■ INPUT RECORDS
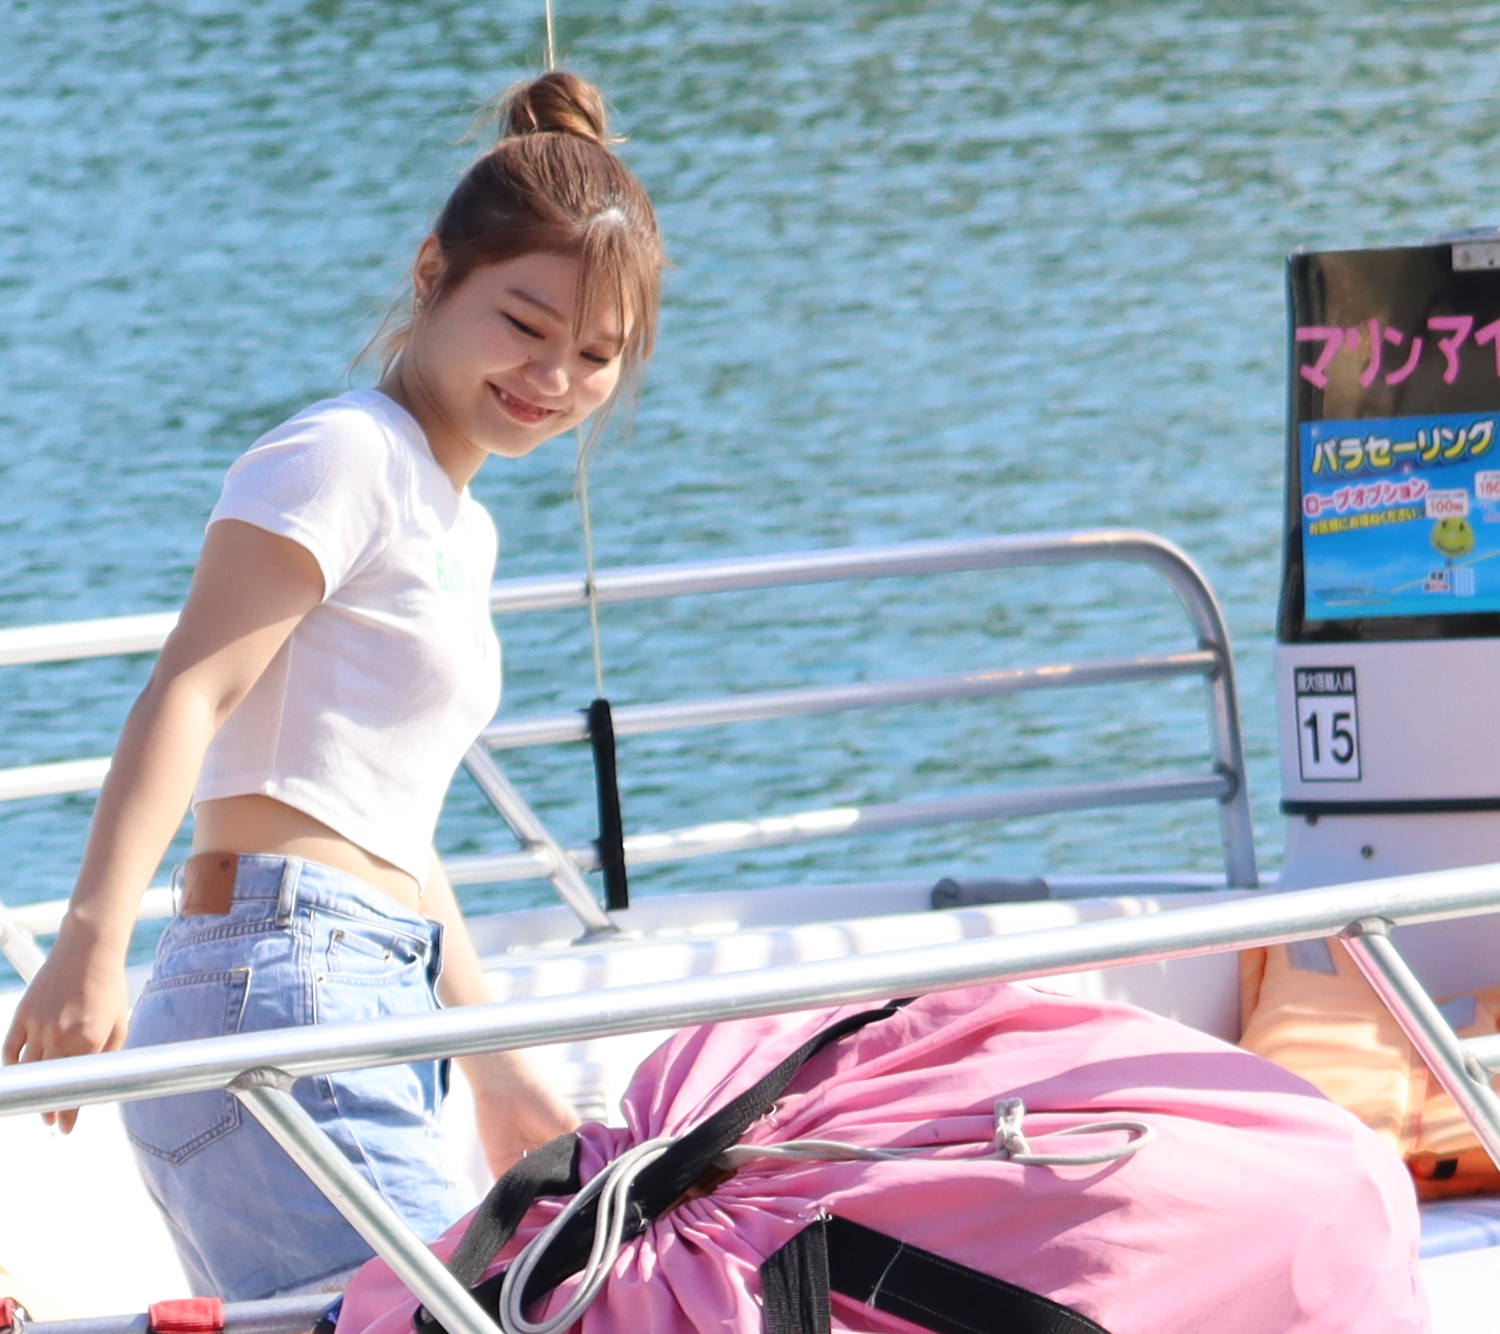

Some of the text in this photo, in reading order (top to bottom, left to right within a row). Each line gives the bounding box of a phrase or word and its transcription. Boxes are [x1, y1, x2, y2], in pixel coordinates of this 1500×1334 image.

[1311, 419, 1496, 474] パラセーリング
[1304, 479, 1428, 515] ロープオプション
[1430, 500, 1464, 514] 100m
[1304, 712, 1354, 764] 15

■ YOUR ASSIGNMENT
When you copy the entries above, keep every word exactly and omit the images.

■ OUTPUT FOR THIS EXERCISE
Some of the text in this photo, in reading order (top to bottom, left to right within a row). Each line gives the bounding box of a phrase or word and its transcription. Boxes are [x1, y1, x2, y2], in pixel coordinates of this 1500×1334 image.

[1311, 419, 1496, 474] パラセーリング
[1304, 479, 1428, 515] ロープオプション
[1430, 500, 1464, 514] 100m
[1304, 712, 1354, 764] 15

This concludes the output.